Dalai-lama e Carla Bruni inauguram templo budista na França

Encontro do tibetano com a primeira-dama é o único com membros do governo após protestos da China

Efe,

22 de agosto de 2008 | 09h11

O dalai-lama recebeu nesta sexta-feira, 22, a primeira-dama francesa, Carla Bruni, na inauguração de um templo budista no sul da França, na véspera do fim da visita do líder espiritual do Tibete ao país. Após chegar ao templo de Lerab Ling, em Roqueredonde, a ex-modelo e cantora participou de uma procissão junto com o líder religioso tibetano, que colocou em torno do pescoço da primeira-dama o tradicional lenço branco tibetano de boas-vindas, segundo as imagens divulgadas pela televisão. O Palácio do Eliseu afirmou que, ao final da cerimônia, a mulher do presidente francês, Nicolas Sarkozy, se reunirá "em particular" com o dalai-lama, acompanhada pelo ministro de Relações Exteriores francês, Bernard Kouchner, e pela titular de Direitos Humanos, Rama Yade.

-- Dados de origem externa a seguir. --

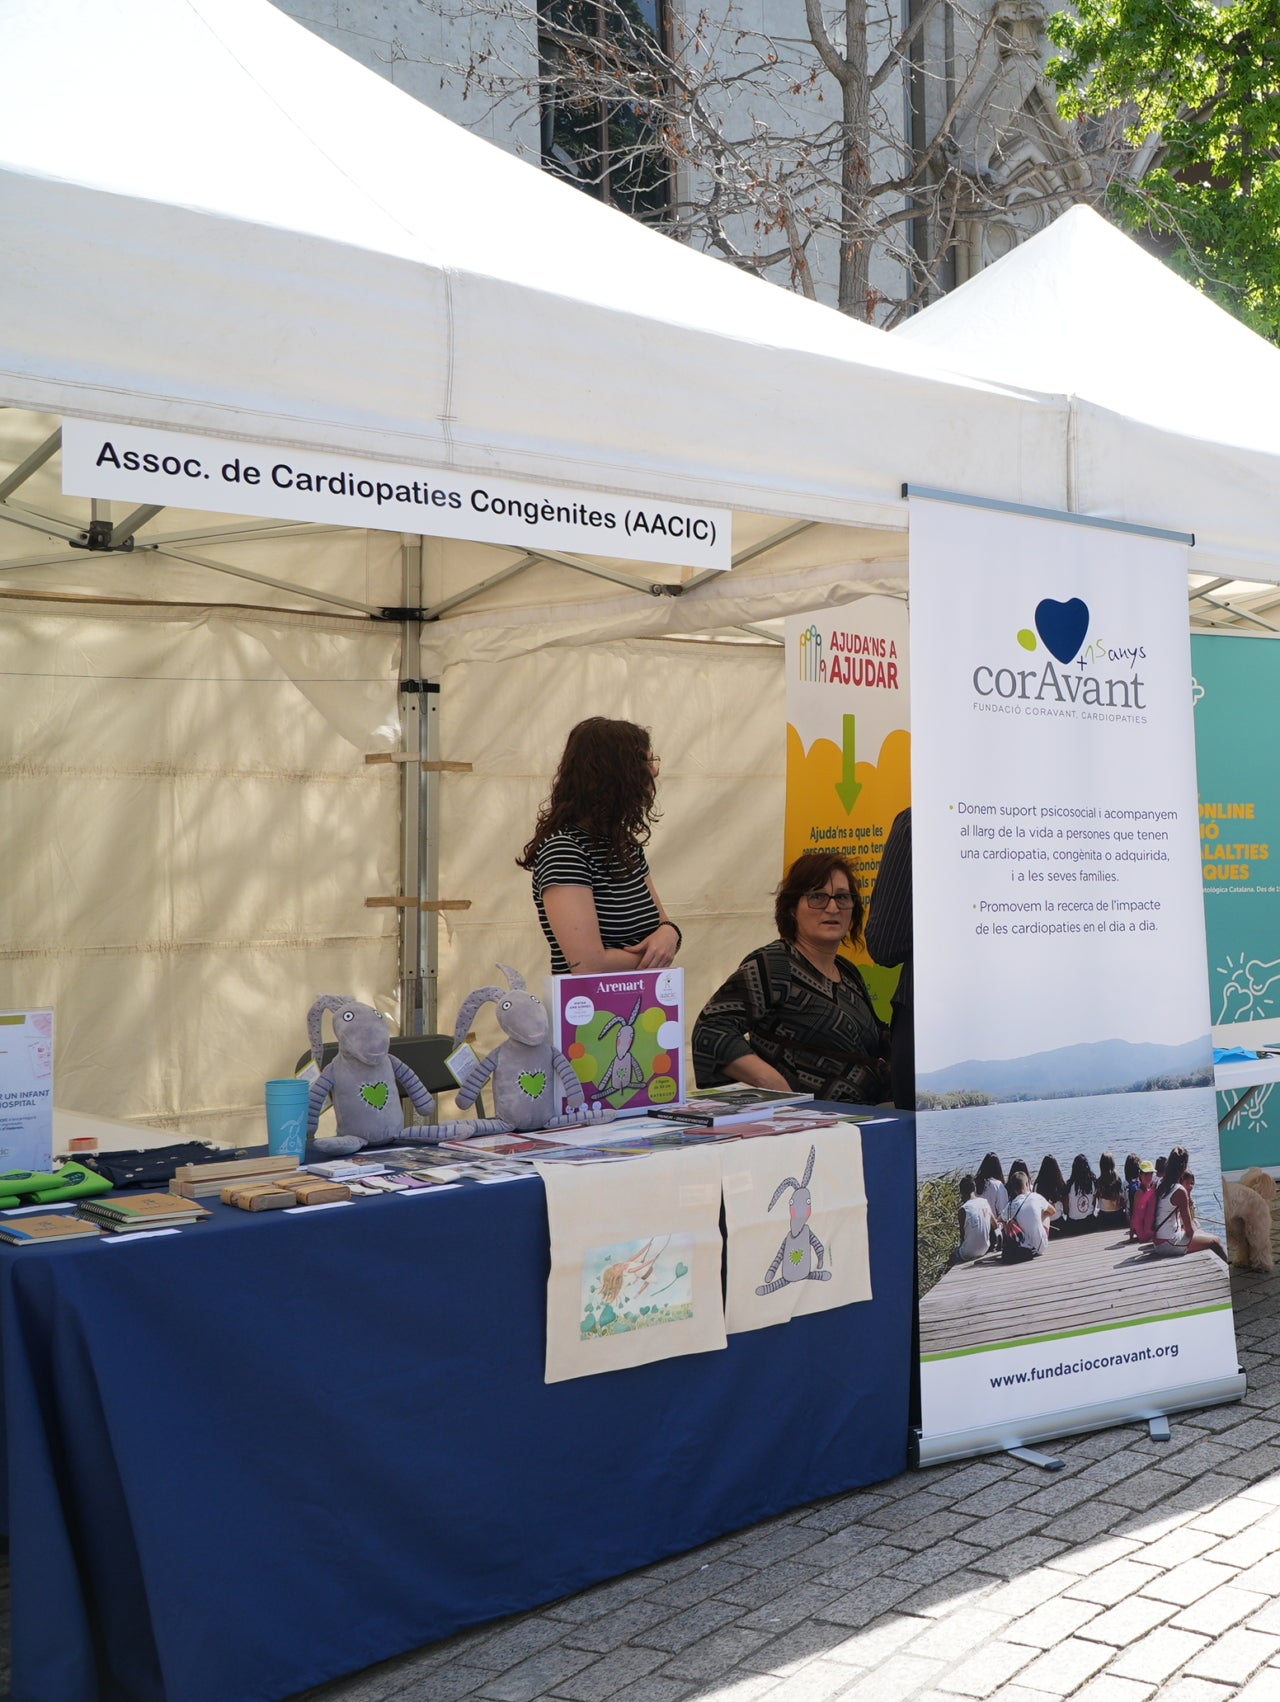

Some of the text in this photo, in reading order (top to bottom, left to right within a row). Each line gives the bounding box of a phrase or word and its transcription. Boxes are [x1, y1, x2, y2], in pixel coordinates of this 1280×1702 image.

[96, 442, 717, 547] Assoc. de Cardiopaties Congènites (AACIC)
[830, 631, 898, 659] AJUDA'NS A
[1108, 646, 1147, 669] anys
[829, 655, 899, 690] AJUDAR
[973, 661, 1147, 710] corAvant
[973, 702, 1022, 715] FUNDACIÓ
[1081, 711, 1148, 725] CARDIOPATIES
[958, 802, 1178, 822] Donem suport psicosocial i acompanyem
[848, 828, 854, 838] a
[855, 827, 870, 840] que
[872, 824, 883, 837] les
[960, 825, 1169, 842] al llarg de la vida a persones que tenen
[857, 844, 869, 855] no
[960, 848, 1170, 863] una cardiopatia, congènita o adquirida,
[1011, 870, 1015, 882] i
[1017, 872, 1025, 882] a
[1028, 869, 1044, 882] les
[1047, 872, 1077, 882] seves
[980, 899, 1161, 913] Promovem la recerca de l'impacte
[975, 919, 1158, 936] de les cardiopaties en el dia a dia.
[596, 979, 645, 994] Arenart
[20, 1089, 50, 1099] INFANT
[990, 1344, 1179, 1388] www.fundaciocoravant.org

Esse é o único encontro do dalai-lama com membros do governo francês na sua visita à França, que começou em 12 de agosto, na mesma época da realização dos Jogos Olímpicos de Pequim. As autoridades chinesas, que em julho tinham advertido sobre "graves conseqüências" para as relações bilaterais se o chefe de Estado francês se reunisse com o líder espiritual do Tibete, insistiram esta semana em que a França trate "com prudência" a questão tibetana. Às vésperas da viagem de Sarkozy para a cerimônia de abertura dos Jogos Olímpicos, o Palácio do Eliseu informou que não receberia o dalai-lama, mas que Carla Bruni assistiria à inauguração do templo em Roqueredonde presidida pelo líder tibetano. A decisão de Sarkozy gerou fortes críticas da oposição socialista, e alguns dos dirigentes dessa corrente se reuniram com o dalai lama durante a visita deste à França. Segundo a Presidência francesa, o dalai-lama não tinha pedido uma reunião com Sarkozy, ao considerar que não era um momento oportuno, devido aos Jogos Olímpicos. No entanto, o líder tibetano deve ser recebido por Sarkozy, junto com outros ganhadores do Prêmio Nobel da Paz, em dezembro.